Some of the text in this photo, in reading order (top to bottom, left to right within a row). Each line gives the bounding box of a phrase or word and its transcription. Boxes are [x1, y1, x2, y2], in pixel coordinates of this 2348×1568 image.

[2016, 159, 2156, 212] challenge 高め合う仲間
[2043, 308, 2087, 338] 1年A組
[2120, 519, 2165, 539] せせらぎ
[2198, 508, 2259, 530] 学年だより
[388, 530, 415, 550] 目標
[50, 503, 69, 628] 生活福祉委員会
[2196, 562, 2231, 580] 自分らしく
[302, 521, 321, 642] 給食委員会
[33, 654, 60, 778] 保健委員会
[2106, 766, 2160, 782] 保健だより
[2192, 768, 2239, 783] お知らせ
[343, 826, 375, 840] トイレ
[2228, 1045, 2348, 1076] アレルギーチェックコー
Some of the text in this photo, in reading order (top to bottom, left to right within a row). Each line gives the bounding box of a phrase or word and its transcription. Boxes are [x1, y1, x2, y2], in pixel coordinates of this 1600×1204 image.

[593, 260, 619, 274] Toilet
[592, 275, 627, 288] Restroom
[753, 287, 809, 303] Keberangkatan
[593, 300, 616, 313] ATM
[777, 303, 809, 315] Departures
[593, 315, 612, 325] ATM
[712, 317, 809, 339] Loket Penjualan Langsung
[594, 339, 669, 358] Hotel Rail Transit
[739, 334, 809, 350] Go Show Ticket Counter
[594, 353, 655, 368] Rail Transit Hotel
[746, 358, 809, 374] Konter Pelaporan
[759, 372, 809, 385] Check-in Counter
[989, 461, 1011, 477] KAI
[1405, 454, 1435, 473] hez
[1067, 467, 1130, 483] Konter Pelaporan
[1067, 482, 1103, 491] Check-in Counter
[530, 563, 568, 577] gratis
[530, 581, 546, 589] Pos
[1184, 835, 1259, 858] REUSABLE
----
REQUIRED ACTION
Print each record from the listing above exactly as it was given.

ANSWER SPACE
Some of the text in this photo, in reading order (top to bottom, left to right within a row). Each line gives the bounding box of a phrase or word and its transcription. Boxes are [x1, y1, x2, y2], in pixel coordinates of this 2348×1568 image.

[2016, 159, 2156, 212] challenge 高め合う仲間
[2043, 308, 2087, 338] 1年A組
[2120, 519, 2165, 539] せせらぎ
[2198, 508, 2259, 530] 学年だより
[388, 530, 415, 550] 目標
[50, 503, 69, 628] 生活福祉委員会
[2196, 562, 2231, 580] 自分らしく
[302, 521, 321, 642] 給食委員会
[33, 654, 60, 778] 保健委員会
[2106, 766, 2160, 782] 保健だより
[2192, 768, 2239, 783] お知らせ
[343, 826, 375, 840] トイレ
[2228, 1045, 2348, 1076] アレルギーチェックコー
Some of the text in this photo, in reading order (top to bottom, left to right within a row). Each line gives the bounding box of a phrase or word and its transcription. Boxes are [x1, y1, x2, y2], in pixel coordinates of this 1600×1204 image.

[593, 260, 619, 274] Toilet
[592, 275, 627, 288] Restroom
[753, 287, 809, 303] Keberangkatan
[593, 300, 616, 313] ATM
[777, 303, 809, 315] Departures
[593, 315, 612, 325] ATM
[712, 317, 809, 339] Loket Penjualan Langsung
[594, 339, 669, 358] Hotel Rail Transit
[739, 334, 809, 350] Go Show Ticket Counter
[594, 353, 655, 368] Rail Transit Hotel
[746, 358, 809, 374] Konter Pelaporan
[759, 372, 809, 385] Check-in Counter
[989, 461, 1011, 477] KAI
[1405, 454, 1435, 473] hez
[1067, 467, 1130, 483] Konter Pelaporan
[1067, 482, 1103, 491] Check-in Counter
[530, 563, 568, 577] gratis
[530, 581, 546, 589] Pos
[1184, 835, 1259, 858] REUSABLE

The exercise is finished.